Give the listing back in full, exactly as written, with the pictures removed.

### PROVIDED DATA

Start of Block

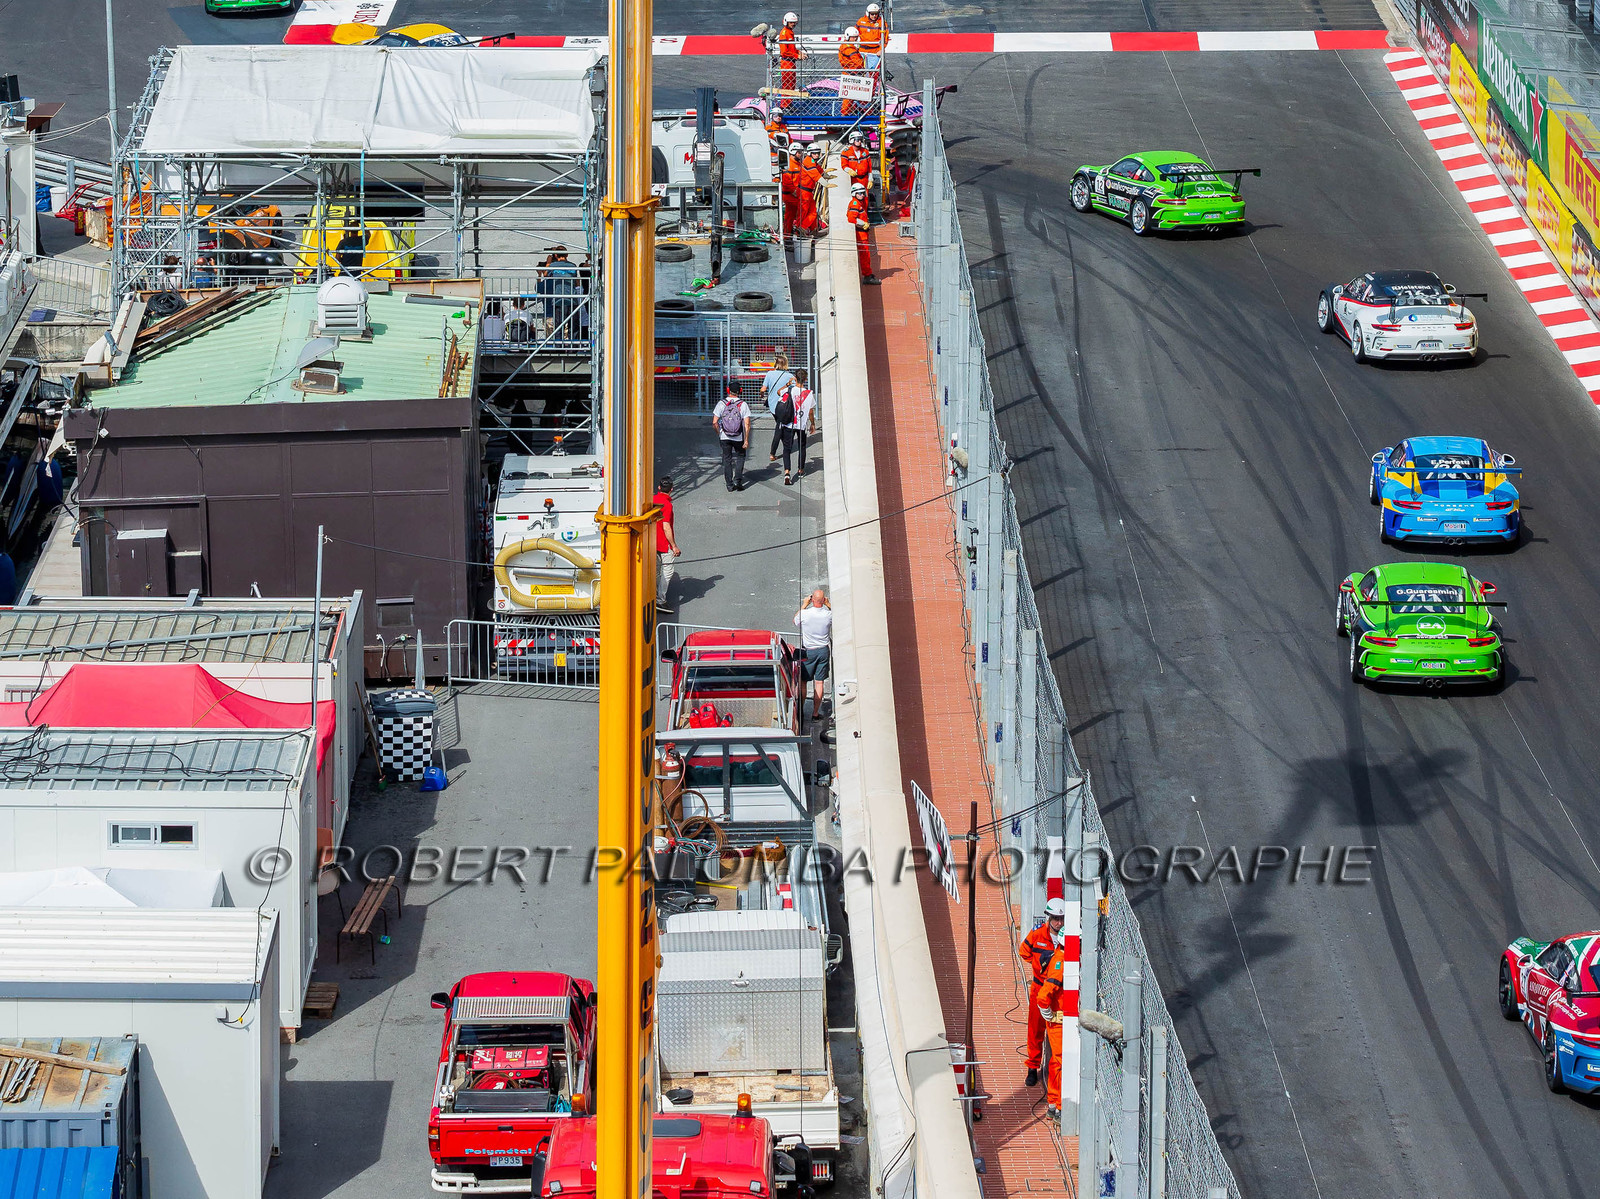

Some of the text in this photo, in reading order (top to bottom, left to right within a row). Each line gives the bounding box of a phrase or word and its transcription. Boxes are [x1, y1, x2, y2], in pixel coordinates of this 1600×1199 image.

[351, 9, 381, 23] UBS
[1482, 17, 1529, 134] Heineken
[842, 84, 871, 93] INTERVENTION
[498, 1156, 521, 1164] P935

End of Block

### TASK OUTPUT
Some of the text in this photo, in reading order (top to bottom, left to right within a row). Each line gives the bounding box of a phrase or word and its transcription. Boxes are [x1, y1, x2, y2], in pixel coordinates of this 1600×1199 image.

[351, 9, 381, 23] UBS
[1482, 17, 1529, 134] Heineken
[842, 84, 871, 93] INTERVENTION
[498, 1156, 521, 1164] P935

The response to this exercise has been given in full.